Updated: Feb 18, 2016
 

Medical Care

Topical therapy

Topical corticosteroids are useful for pemphigus erythematosus patients with limited disease or as an adjunct to systemic therapy. Selection of the appropriate topical steroid strength and vehicle depends on the body site, the age of the patient, and the potential for steroid adverse effects.[6] Use of daily sunscreen and sun protection is necessary. Griffies et al reported promising results in treating discoid lupus and pemphigus erythematosus in dogs with topical application of 0.1% tacrolimus, an immunomodulator produced by a fungus.[7] Remission with tacrolimus occurred alone in some dogs, whereas steroid use was decreased or discontinued in other dogs.

Systemic therapy

Systemic steroids have been the mainstay of therapy for widespread pemphigus since their first use in 1950. Prednisone at 1-2 mg/kg/d as a single morning dose or as intravenous pulses may control the disease. Appropriate monitoring is critical.

Dapsone is effective in some patients with pemphigus erythematosus.[8, 9] Patients tend to respond relatively quickly, with improvement within several weeks. It can be a steroid-sparing drug. The possible mode of action is stabilization of lysosomal membranes and inhibition of polymorphonuclear leukocyte (PMN) toxicity. The recommended dose is 100-200 mg/d.

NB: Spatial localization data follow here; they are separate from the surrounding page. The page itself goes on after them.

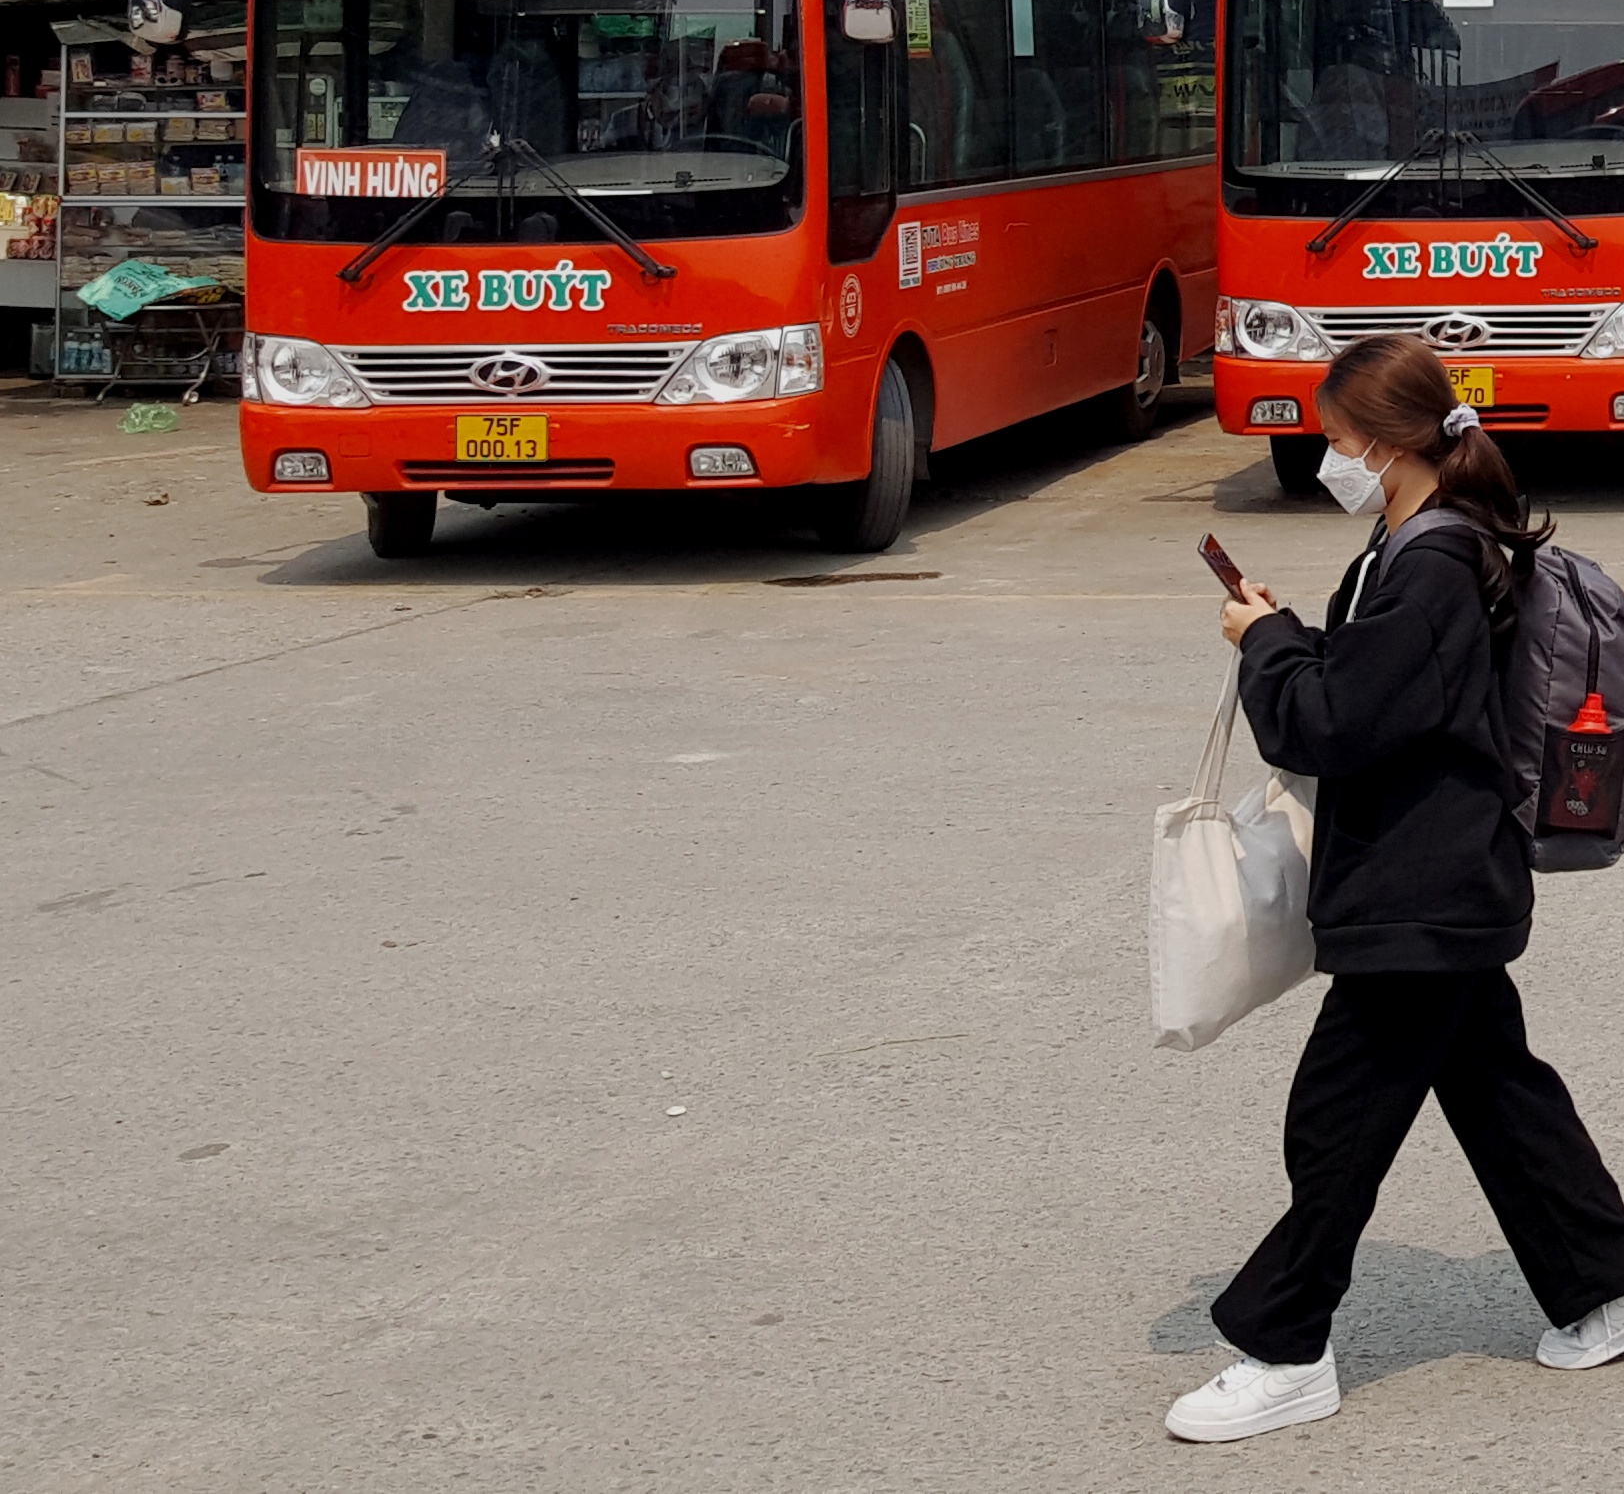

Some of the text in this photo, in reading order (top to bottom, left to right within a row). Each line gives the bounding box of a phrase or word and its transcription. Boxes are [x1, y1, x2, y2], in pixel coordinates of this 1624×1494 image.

[304, 156, 438, 197] VINH HƯNG
[1363, 233, 1543, 279] XE BUÝT
[404, 259, 612, 312] XE BUÝT
[1450, 369, 1471, 386] 5F
[482, 417, 521, 437] 75F
[466, 439, 538, 459] 000.13
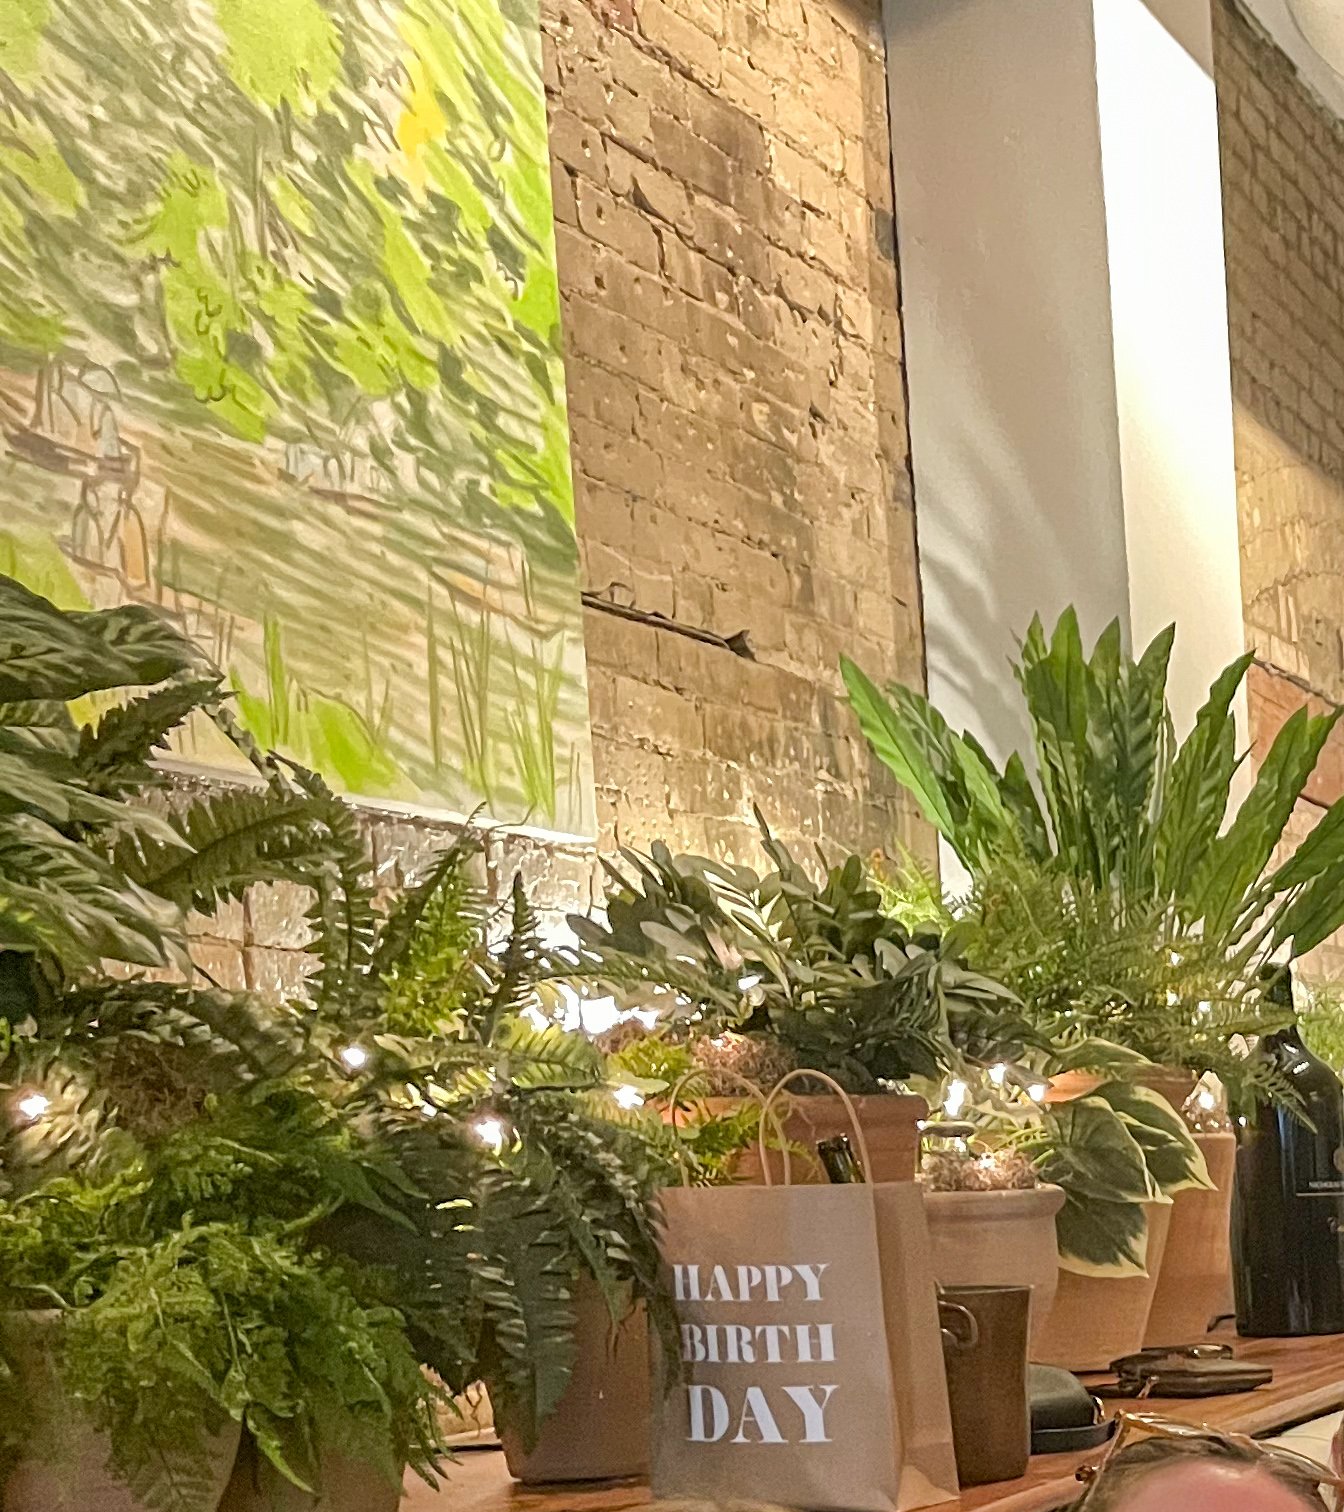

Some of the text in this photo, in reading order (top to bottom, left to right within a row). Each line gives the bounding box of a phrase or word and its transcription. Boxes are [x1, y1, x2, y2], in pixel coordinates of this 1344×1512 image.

[672, 1263, 830, 1302] HAPPY
[680, 1323, 838, 1363] BIRTH
[687, 1384, 840, 1443] DAY
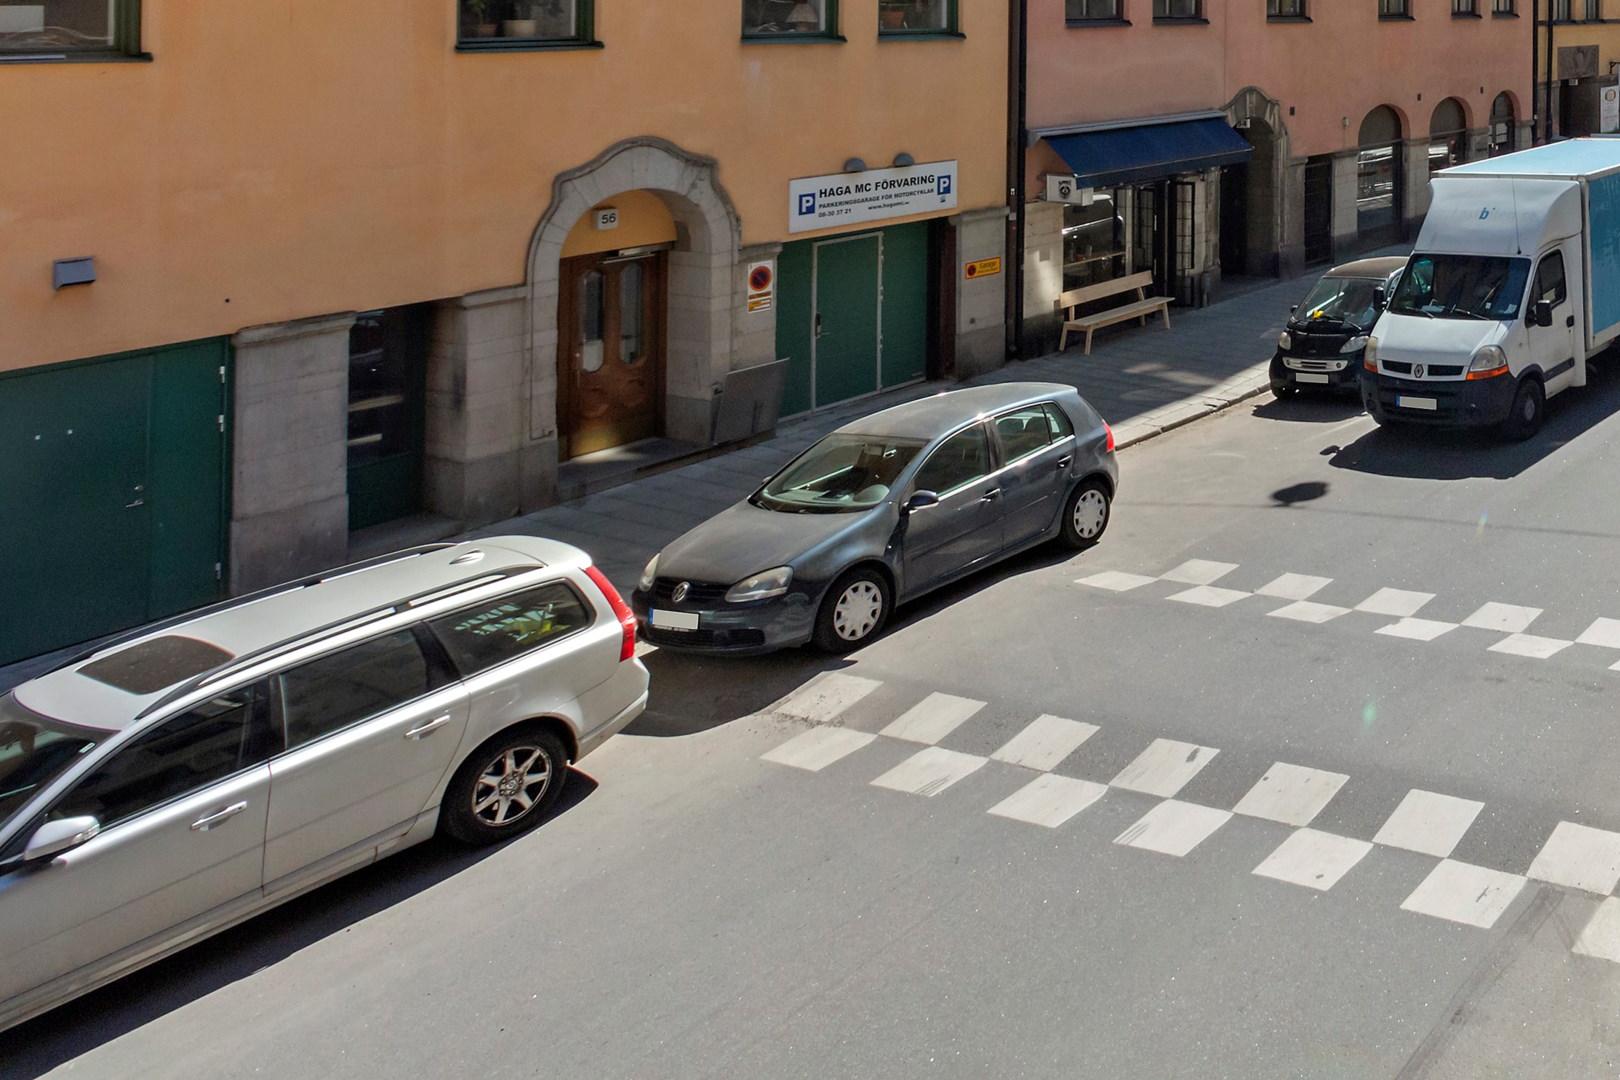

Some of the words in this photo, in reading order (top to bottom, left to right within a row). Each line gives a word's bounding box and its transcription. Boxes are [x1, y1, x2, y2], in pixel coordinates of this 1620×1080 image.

[819, 186, 851, 198] HAGA
[854, 182, 871, 194] MC
[875, 174, 935, 191] FÖRVARING
[940, 177, 950, 193] P
[802, 196, 814, 213] P
[818, 196, 880, 209] PARKERINGSGARAGE
[893, 188, 934, 199] MOTORCYKLAR
[601, 213, 617, 224] 56

Hemolytic jaundice may result in people with G-6-PD deficiency. Other adverse effects include agranulocytosis, leading to death, headaches, malaise, hepatitis, hypersensitivity reactions, and neuropathy. Caution is required.

Azathioprine is a potent immunosuppressive agent that has been used as a steroid-sparing agent. The usual doses are 0.5 -2.5 mg/kg/d, based on results of thiopurine methyltransferase activity. Those who are deficient are at an increased risk of bone marrow toxicity with this agent, as are patients who are taking allopurinol.

Other useful drugs in pemphigus erythematosus treatment are as follows:

  • Tetracycline and niacinamide [10]
  • Cyclophosphamide [11, 12]
  • Methotrexate [13]
  • Parenteral gold
  • Hydroxychloroquine
  • Plasmapheresis [14]
  • Mycophenolate mofetil [15]
  • Extracorporeal photochemotherapy
  • Rituximab
  • Dexamethasone-cyclophosphamide combination [16, 17, 18, 19]

Dexamethasone-cyclophosphamide combination therapy has recently been studied. In 2009, Kandan and Thappa reported good outcomes in 65 cases of pemphigus treated with dexamethasone-cyclophosphamide pulse therapy.[20]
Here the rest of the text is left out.